## [Task requirements]
Copy every record below exactly, leaving out any pictures.

## [Source data]
○ ○ ○ ○ ○
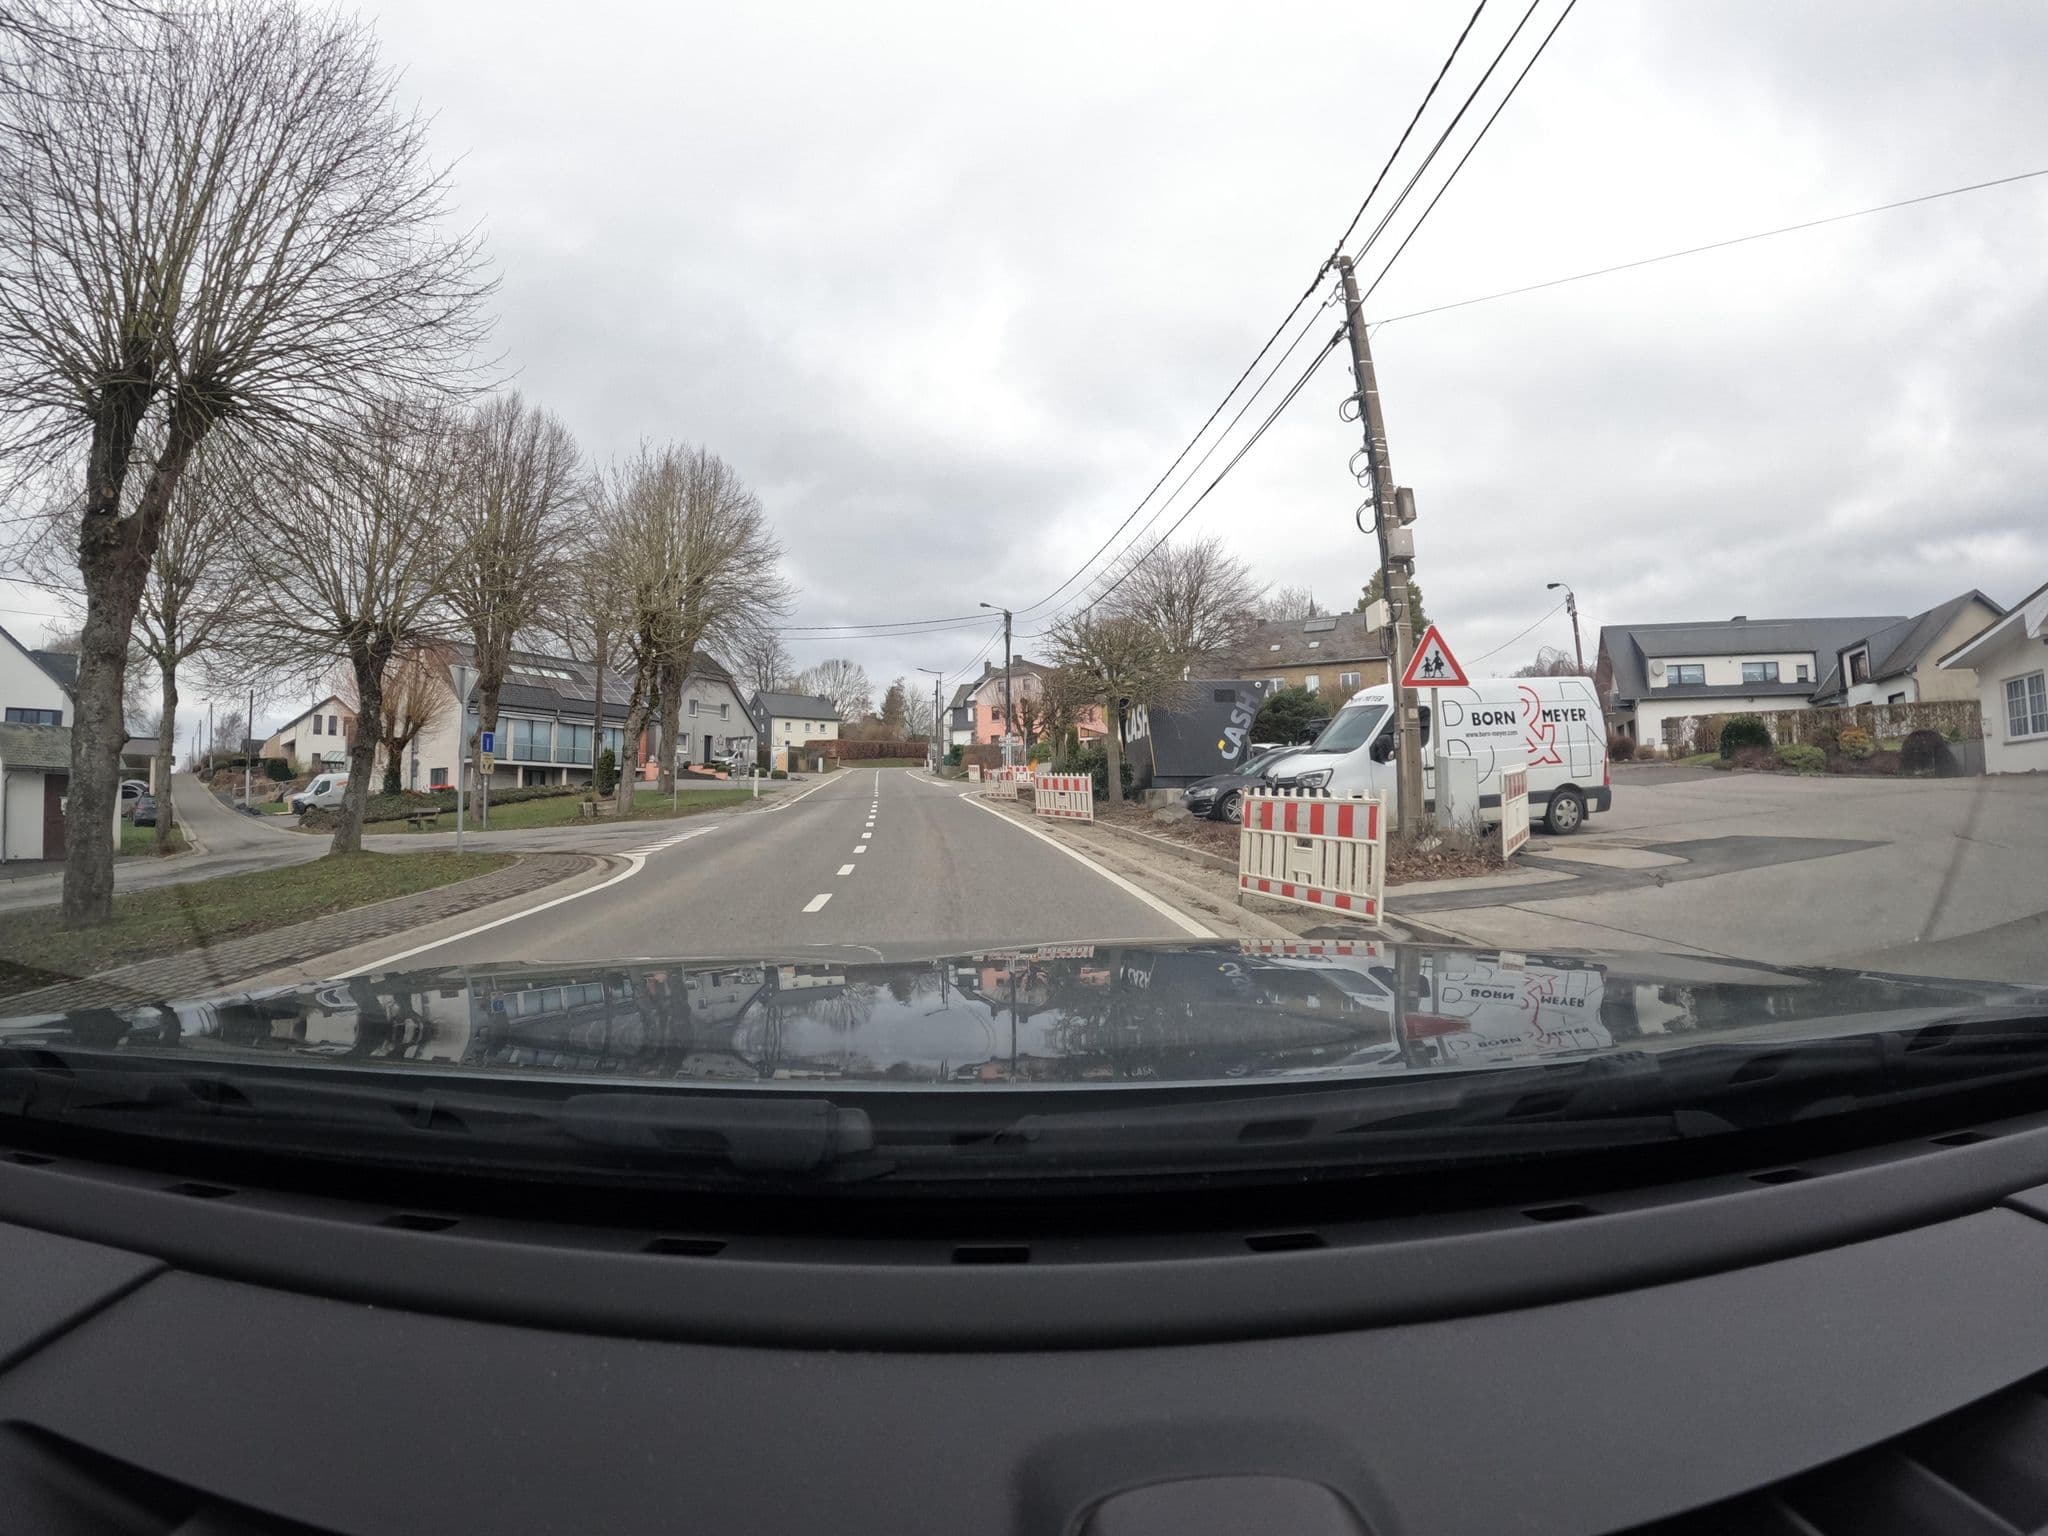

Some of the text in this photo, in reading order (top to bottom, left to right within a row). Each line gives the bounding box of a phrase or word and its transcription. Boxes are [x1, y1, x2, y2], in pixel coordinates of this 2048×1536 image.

[1218, 690, 1259, 760] CASH
[1471, 711, 1516, 726] BORN
[1542, 708, 1587, 722] MEYER
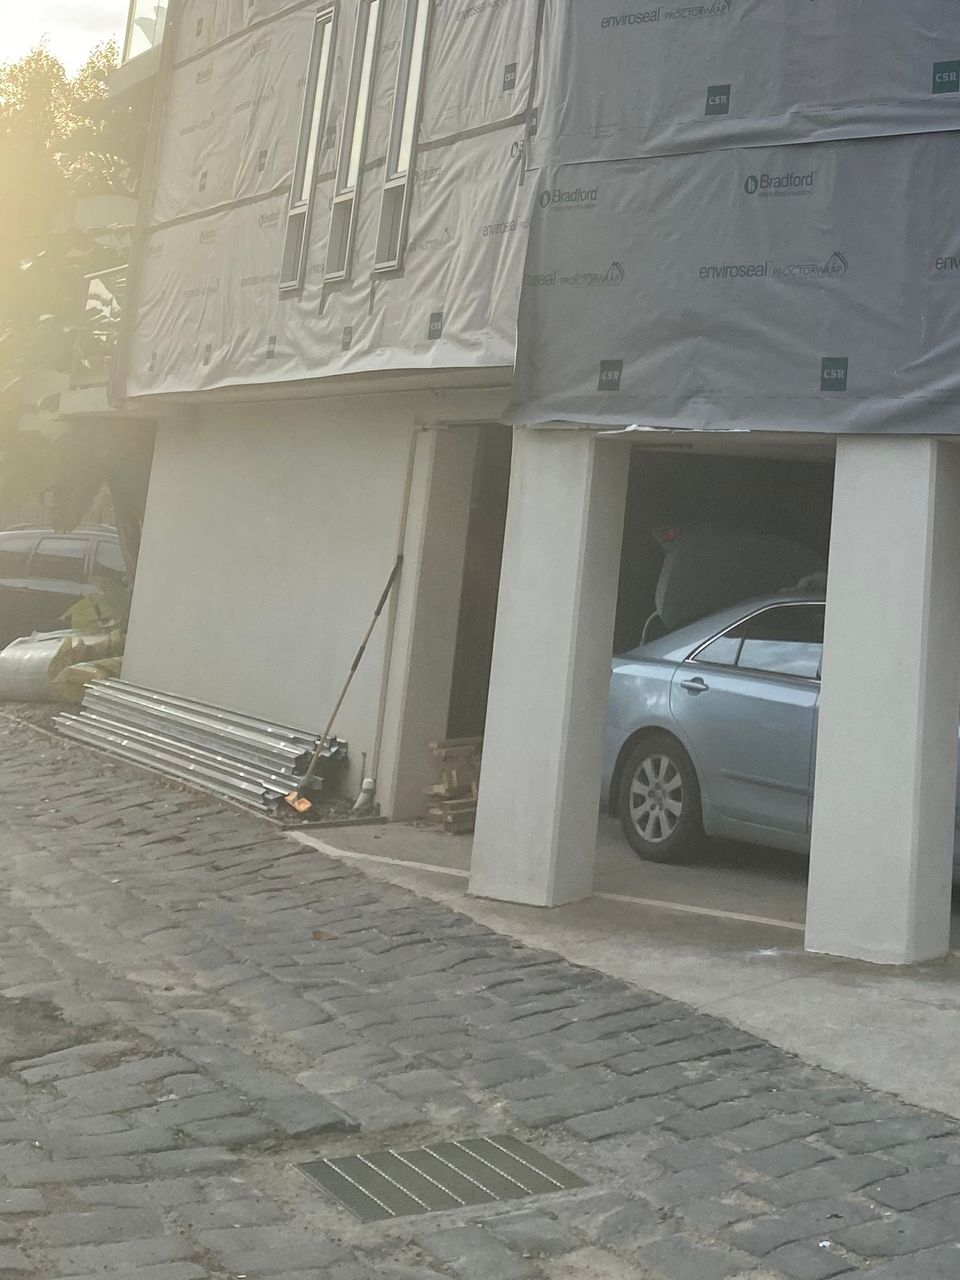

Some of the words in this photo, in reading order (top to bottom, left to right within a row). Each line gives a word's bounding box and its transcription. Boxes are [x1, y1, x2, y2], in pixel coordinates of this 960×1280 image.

[601, 7, 660, 28] enviroseal
[935, 71, 957, 82] CSR
[708, 94, 727, 105] CSR
[760, 171, 813, 188] Bradford
[551, 187, 598, 204] Bradford
[699, 261, 768, 279] enviroseal
[602, 370, 620, 380] CSR
[823, 369, 845, 380] CSR
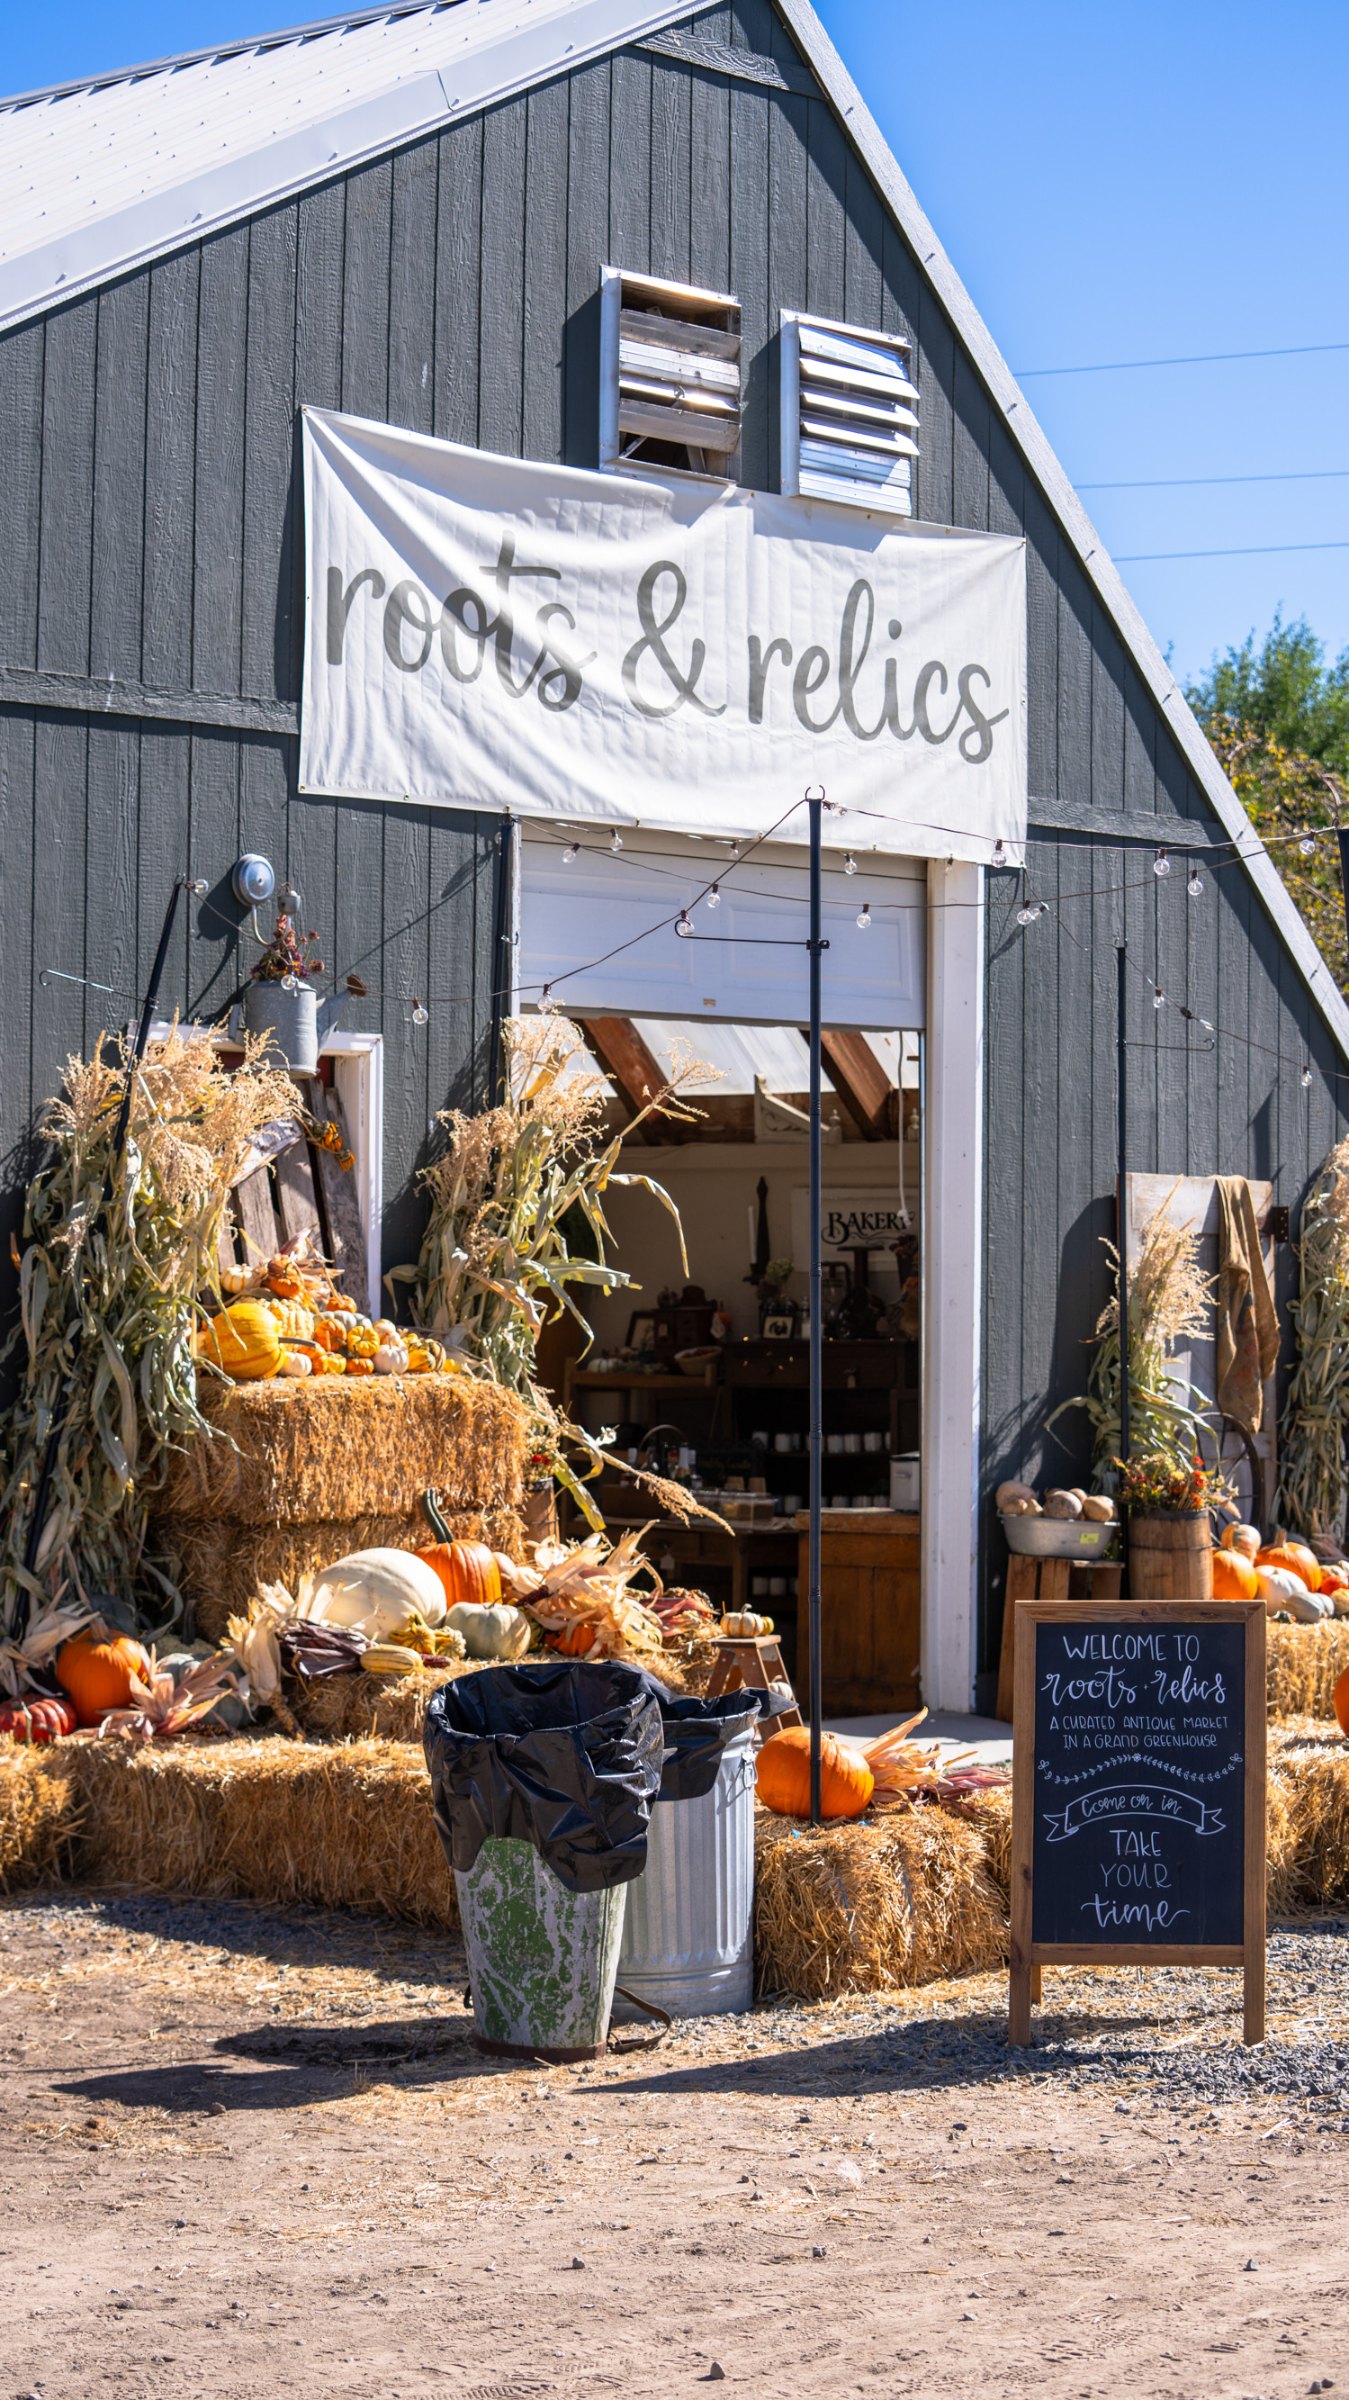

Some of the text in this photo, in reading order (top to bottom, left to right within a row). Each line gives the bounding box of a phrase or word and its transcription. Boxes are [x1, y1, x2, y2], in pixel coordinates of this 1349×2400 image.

[327, 529, 1010, 764] roots & relics
[1063, 1633, 1200, 1661] WELCOME TO
[1040, 1665, 1138, 1708] roots
[1150, 1665, 1226, 1705] relics
[1050, 1715, 1228, 1731] A CURATED ANTIQUE MARKET
[1063, 1735, 1078, 1749] IN
[1083, 1735, 1092, 1748] A
[1094, 1734, 1139, 1749] GRAND
[1161, 1794, 1182, 1814] in
[1109, 1829, 1162, 1857] TAKE
[1100, 1863, 1172, 1889] YOUR
[1080, 1893, 1191, 1932] time
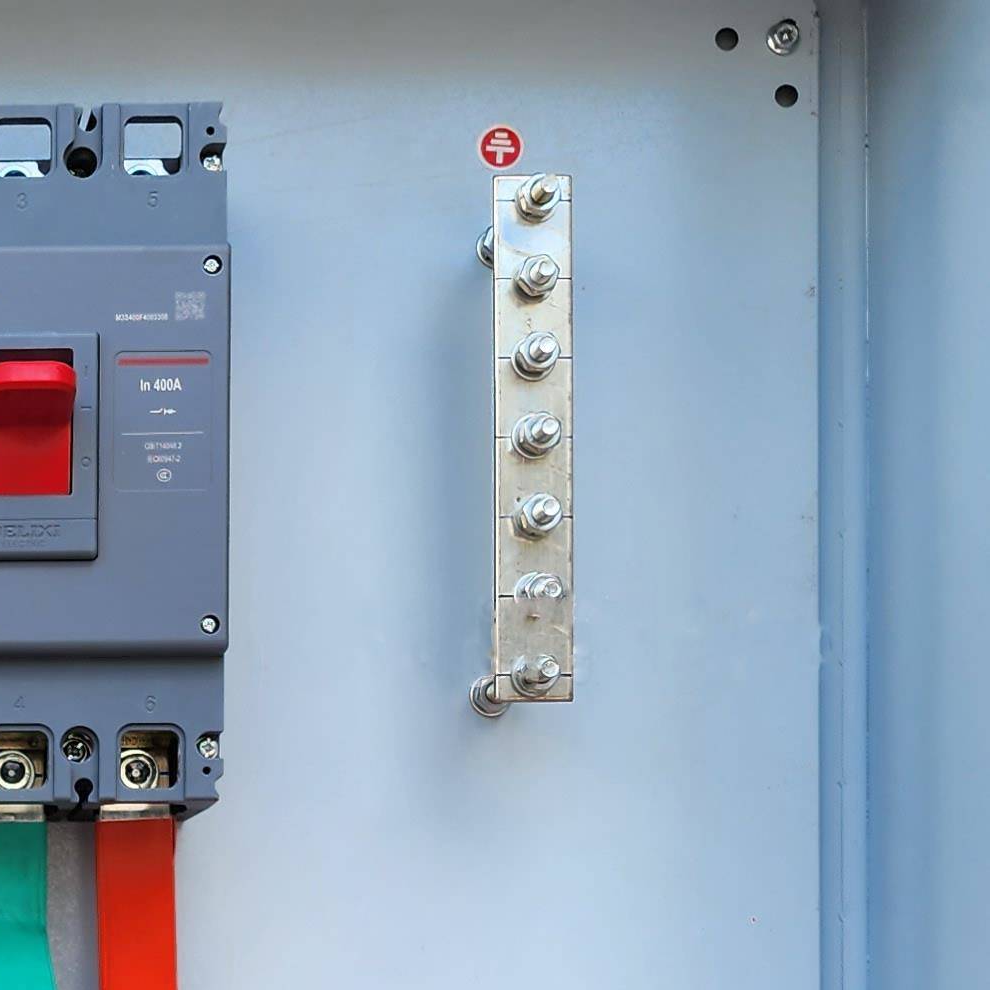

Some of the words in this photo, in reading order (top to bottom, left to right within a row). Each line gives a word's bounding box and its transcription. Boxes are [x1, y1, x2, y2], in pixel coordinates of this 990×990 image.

[16, 191, 29, 210] 3
[147, 190, 159, 208] 5
[140, 379, 151, 391] In
[153, 378, 182, 391] 400A
[13, 696, 26, 709] 4
[145, 695, 156, 712] 6
○ ○ ○ ○ ○
## [Problem solution]
Some of the text in this photo, in reading order (top to bottom, left to right within a row). Each line gives the bounding box of a phrase or word and its transcription. Boxes are [x1, y1, x2, y2], in pixel coordinates of this 2048×1536 image.

[1218, 690, 1259, 760] CASH
[1471, 711, 1516, 726] BORN
[1542, 708, 1587, 722] MEYER

Some of the words in this photo, in reading order (top to bottom, left to right within a row). Each line gives a word's bounding box and its transcription. Boxes are [x1, y1, x2, y2], in pixel coordinates of this 960×1280 image.

[601, 7, 660, 28] enviroseal
[935, 71, 957, 82] CSR
[708, 94, 727, 105] CSR
[760, 171, 813, 188] Bradford
[551, 187, 598, 204] Bradford
[699, 261, 768, 279] enviroseal
[602, 370, 620, 380] CSR
[823, 369, 845, 380] CSR

Some of the text in this photo, in reading order (top to bottom, left to right within a row). Each line gives the bounding box of a phrase or word and its transcription. Boxes are [x1, y1, x2, y2], in pixel coordinates of this 1349×2400 image.

[327, 529, 1010, 764] roots & relics
[1063, 1633, 1200, 1661] WELCOME TO
[1040, 1665, 1138, 1708] roots
[1150, 1665, 1226, 1705] relics
[1050, 1715, 1228, 1731] A CURATED ANTIQUE MARKET
[1063, 1735, 1078, 1749] IN
[1083, 1735, 1092, 1748] A
[1094, 1734, 1139, 1749] GRAND
[1161, 1794, 1182, 1814] in
[1109, 1829, 1162, 1857] TAKE
[1100, 1863, 1172, 1889] YOUR
[1080, 1893, 1191, 1932] time

Some of the words in this photo, in reading order (top to bottom, left to right within a row). Each line gives a word's bounding box and its transcription. Boxes are [x1, y1, x2, y2], in pixel coordinates of this 990×990 image.

[16, 191, 29, 210] 3
[147, 190, 159, 208] 5
[140, 379, 151, 391] In
[153, 378, 182, 391] 400A
[13, 696, 26, 709] 4
[145, 695, 156, 712] 6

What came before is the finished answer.